Towards the end of last week I attended a two day symposium on Statistics in Journalism Practice and Education at the University of Sheffield. The programme was mixed, with several reviews of data journalism is or could be, and the occasional consideration of what stats might go into a statistics curriculum for students, but it got me thinking again about the way that content gets created and shunted around the news world.
Take polls, for example. At one point a comment got me idly wondering about the percentage of news copy that is derived from polls or surveys, and how it might be possible to automate the counting of such things. (My default position in this case is usually to wonder what might be possible be with the Guardian open platform content API. But I also started to wonder about how we could map the fan out from independent or commissioned polls or surveys as they get reported in the news media, then maybe start to find their way into other reports and documents by virtue of having been reported in the news.
This sort of thing is a corollary to tracking the way in which news stories might make their way from the newswires and into the papers via a bit of cut-and-pasting, as Nick Davies wrote so damningly about several years ago now in Flat Earth News, his indictment of churnalism and all that goes with it; it also reminds me of this old, old piece of Yahoo Pipes pipework where I tried to support the discovery of Media Release Related News Stories by putting university press release feeds into the same timeline view as news stories about that university.
I don’t remember whether I also built a custom search engine at the time for searching over press releases and news sites for mentions of universities, but that was what came immediately to mind this time round.
So for starters, here’s a quick Google Custom Search Engine that searches over a variety of polling organisation and news media websites looking for polls and surveys – Churnalism Times (Polls & Surveys Edition).
Here’s part of the setup, showing the page URL patterns to be search over.
I added additional refinements to the tab that searches over the news organisations so only pull out pages where “poll” or “survey” is mentioned.
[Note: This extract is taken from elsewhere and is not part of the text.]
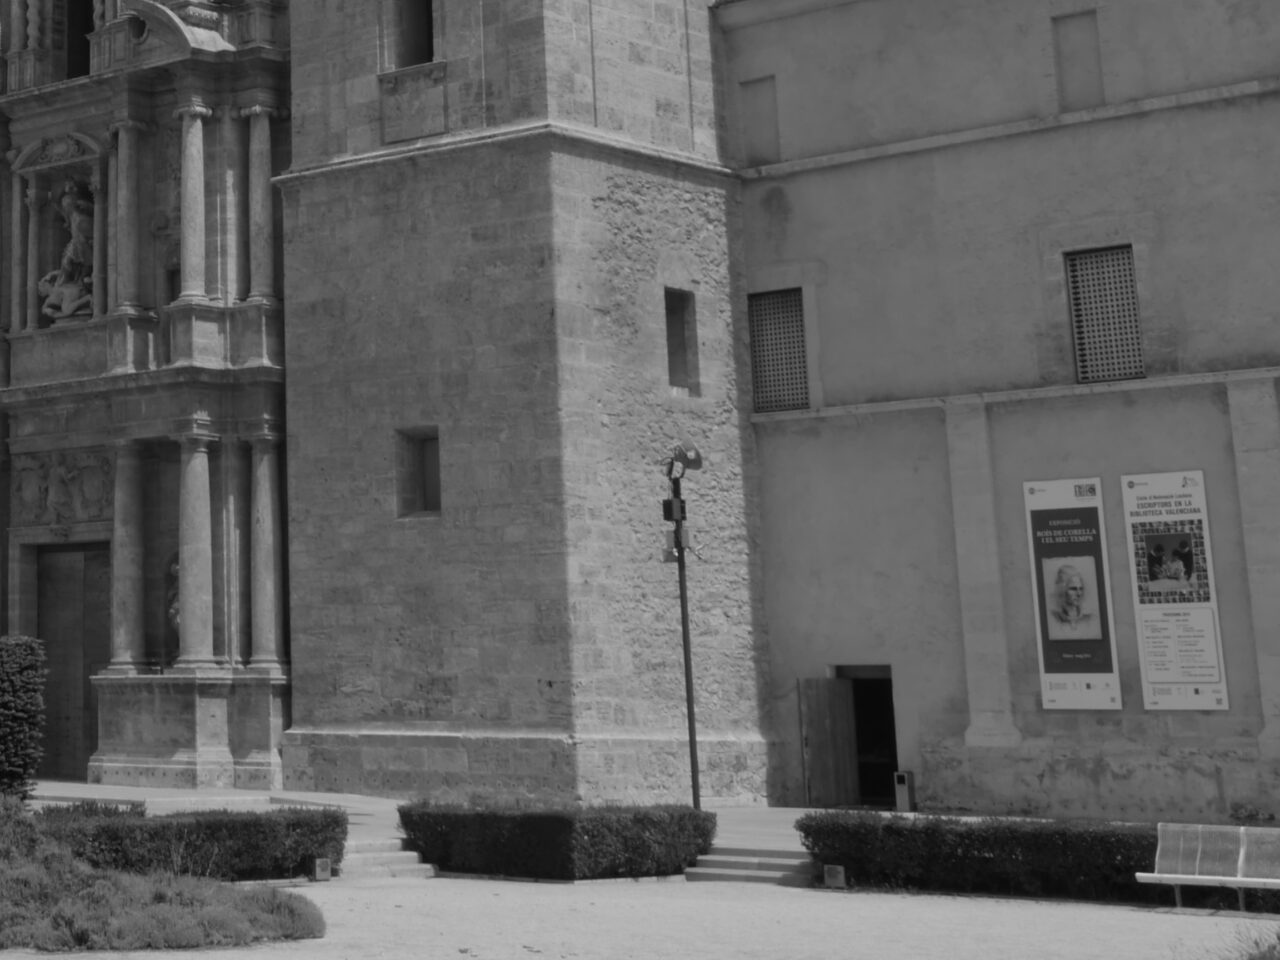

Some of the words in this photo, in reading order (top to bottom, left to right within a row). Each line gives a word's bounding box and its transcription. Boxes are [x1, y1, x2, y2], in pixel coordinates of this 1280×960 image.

[1137, 501, 1172, 509] ESCRIPTORS
[1053, 529, 1063, 537] DE
[1064, 527, 1097, 536] CORELLA
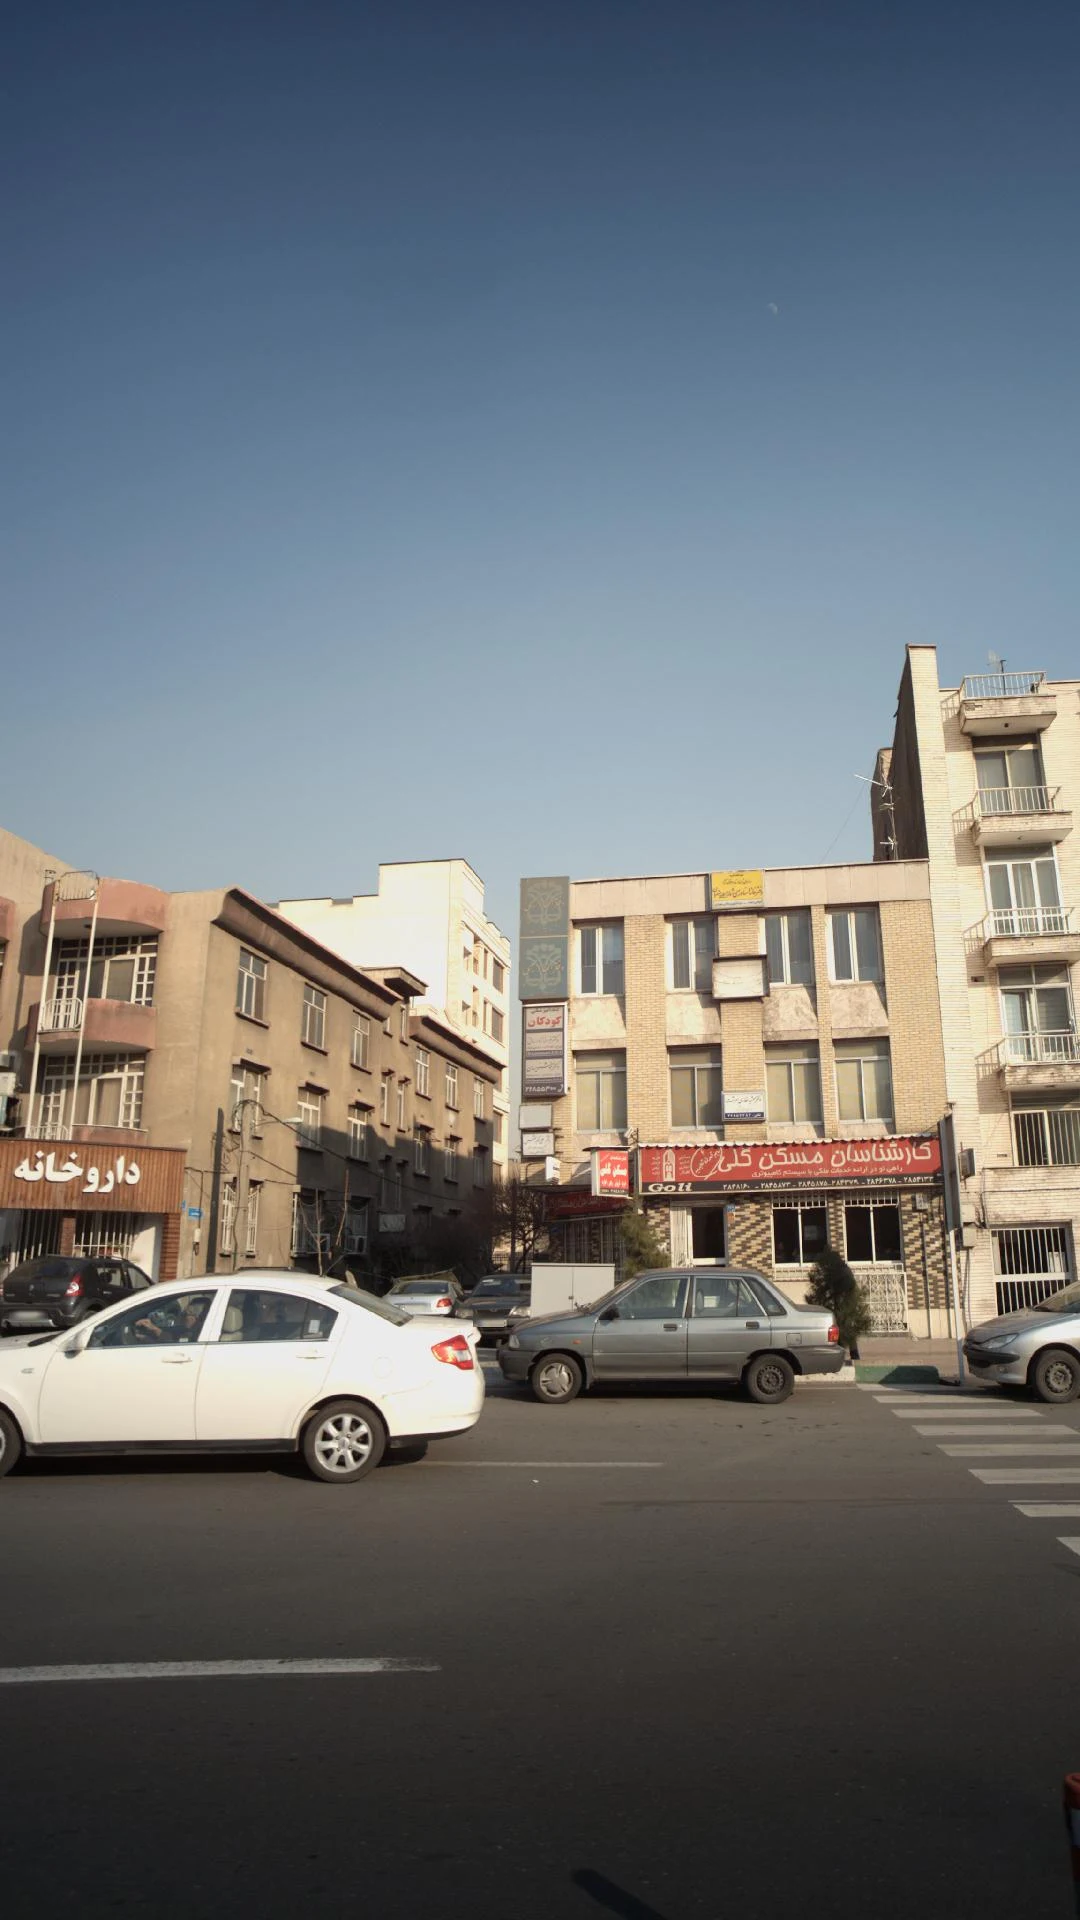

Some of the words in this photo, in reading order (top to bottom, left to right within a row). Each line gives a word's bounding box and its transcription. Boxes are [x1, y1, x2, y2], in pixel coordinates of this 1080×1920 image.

Note that if these words are indexed in the chrome around the news story (eg in a banner or sidebar), then we can get a false positive hit on the page (i.e. pull back a page where an irrelevant story is mentioned because a poll is linked to in the sidebar).
From way back when when I took an interest in search more than I do now, I thought Google was trying to find ways of distinguishing content from furniture, but I’m not so sure any more…
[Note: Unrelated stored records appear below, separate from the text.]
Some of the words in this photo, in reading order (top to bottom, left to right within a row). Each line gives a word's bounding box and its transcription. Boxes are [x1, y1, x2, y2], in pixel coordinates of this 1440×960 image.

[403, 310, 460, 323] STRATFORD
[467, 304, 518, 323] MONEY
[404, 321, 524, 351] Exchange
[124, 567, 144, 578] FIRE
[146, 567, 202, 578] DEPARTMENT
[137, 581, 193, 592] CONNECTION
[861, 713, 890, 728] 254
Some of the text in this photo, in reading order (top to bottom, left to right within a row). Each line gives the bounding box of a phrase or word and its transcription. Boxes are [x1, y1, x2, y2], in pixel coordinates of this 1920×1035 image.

Anyway, here’s an example of a search into polls and surveys published by some of the big pollsters:
And an example of results from the news orgs:
For what it’s worth I also put together a custom search engine for searching over press releases – Churnalism Times (PR wires edition):
The best way of using this is to just past in a quote, or part of a quote, from a news story, in double quotes, to see which PR notice it came from…
To make life easier, an old bookmarklet generator I produced way back when on an Arcadia fellowship at the Cambridge University Library, can be used to knock up a simple bookmarklet that will let you highlight a chunk of text and then search for it – get-selection bookmarklet generator.
Give it a sensible title; then this is the URL chunk you need to add:
https://www.google.com/cse/publicurl?cx=016419300868826941330:wvfrmcn2oxc&q=
Sigh.. I used to have so much fun…
PS it actually makes more sense to enclose the selected quote in quotes. Here’s a tweaked version of the bookmarklet code I grabbed from my installation of it in Chrome:
javascript:(function()%7Bvar t%3Dwindow.getSelection%3Fwindow.getSelection().toString()%3Adocument.selection.createRange().text%3Bwindow.location%3D%27https%3A%2F%2Fwww.google.com%2Fcse%2Fpublicurl%3Fcx%3D016419300868826941330%3Awvfrmcn2oxc%26q%3D"%27%2Bt%2B%27"%27%3B%7D)()
PPS I’ve started to add additional search domains to the PR search engine to include political speeches.